Here is what can be inferred or stated as unavailable based on the provided text:
1. Table of acceptance criteria and reported device performance:
Acceptance Criteria | Reported Device Performance |
---|---|
Tensile Strength | "meets minimum tensile strength requirements at all joints, as defined in product specification." (Specific values and criteria not provided) |
Safety and Efficacy (Animal Study) | "evaluate the safety and efficacy of a proposed device, and evaluate operational characteristics of the device with respect to utilization of a predicate device." (Specific metrics and results not provided) |
2. Sample size used for the test set and the data provenance:
- Test set sample size: Not specified. The document mentions an "Animal Study," but the number of animals or specific foreign body retrieval instances is not provided.
- Data provenance: Prospective (as it's an animal study conducted for regulatory submission). Country of origin is not specified, but the submission is to the US FDA.
3. Number of experts used to establish the ground truth for the test set and the qualifications of those experts:
- Number of experts: Not specified.
- Qualifications of experts: Not specified. Given it's an animal study for a medical device, it would likely involve veterinary professionals and/or device engineers, but no details are provided.

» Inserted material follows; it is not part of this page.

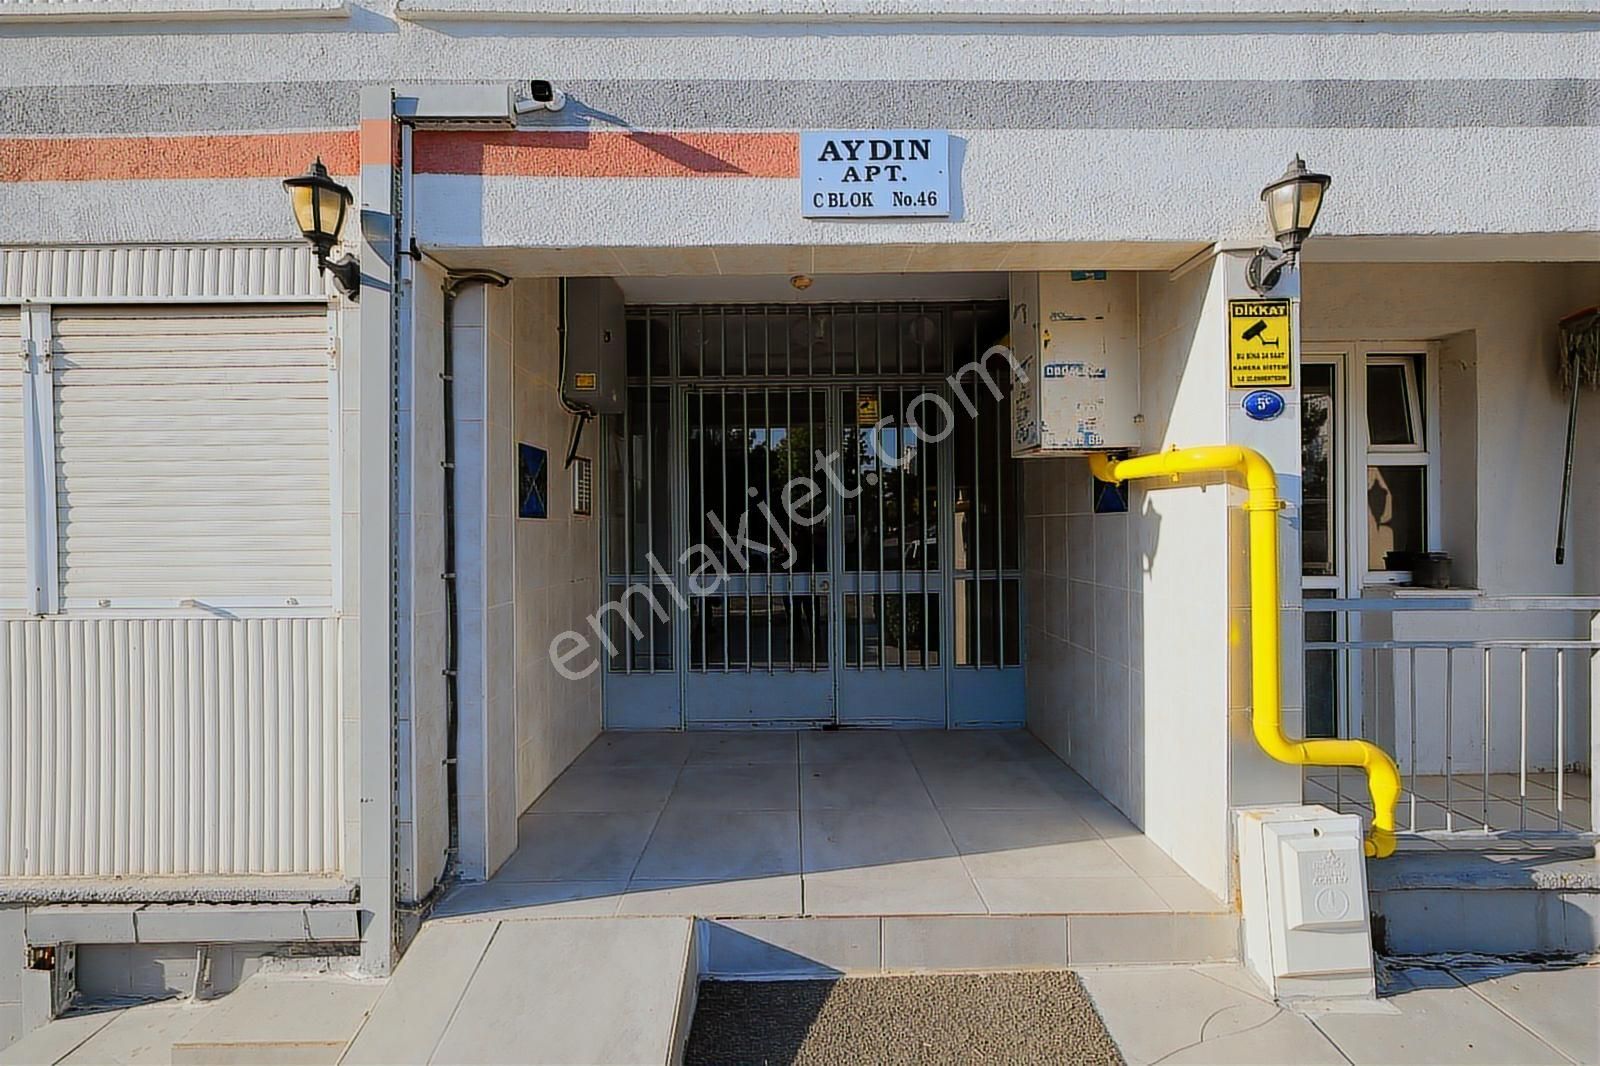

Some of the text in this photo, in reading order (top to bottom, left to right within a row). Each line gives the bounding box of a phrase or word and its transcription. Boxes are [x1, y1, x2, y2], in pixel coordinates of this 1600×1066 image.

4. Adjudication method for the test set:
- Not specified.
5. If a multi-reader multi-case (MRMC) comparative effectiveness study was done, If so, what was the effect size of how much human readers improve with AI vs without AI assistance:
- No, a MRMC comparative effectiveness study was not done. This device is a mechanical foreign body retrieval device, not an AI-assisted diagnostic tool.
6. If a standalone (i.e. algorithm only without human-in-the-loop performance) was done:
- No, a standalone algorithm performance study was not done. This device does not involve an algorithm.
7. The type of ground truth used:
- For the tensile test, the ground truth would be the pre-defined product specifications for tensile strength.
- For the animal study, the ground truth would be the observed safety outcomes (e.g., absence of perforation, embolization, or other adverse events) and successful retrieval/manipulation of foreign bodies in the animal model, observed directly by the investigators.
8. The sample size for the training set:
- Not applicable. This device is a mechanical device, not an AI/machine learning algorithm that requires a training set.
9. How the ground truth for the training set was established:
- Not applicable as there is no training set for this type of device.
§ 870.5150 Embolectomy catheter.
(a)
Identification. An embolectomy catheter is a balloon-tipped catheter that is used to remove thromboemboli, i.e., blood clots which have migrated in blood vessels from one site in the vascular tree to another.(b)
Classification. Class II (performance standards).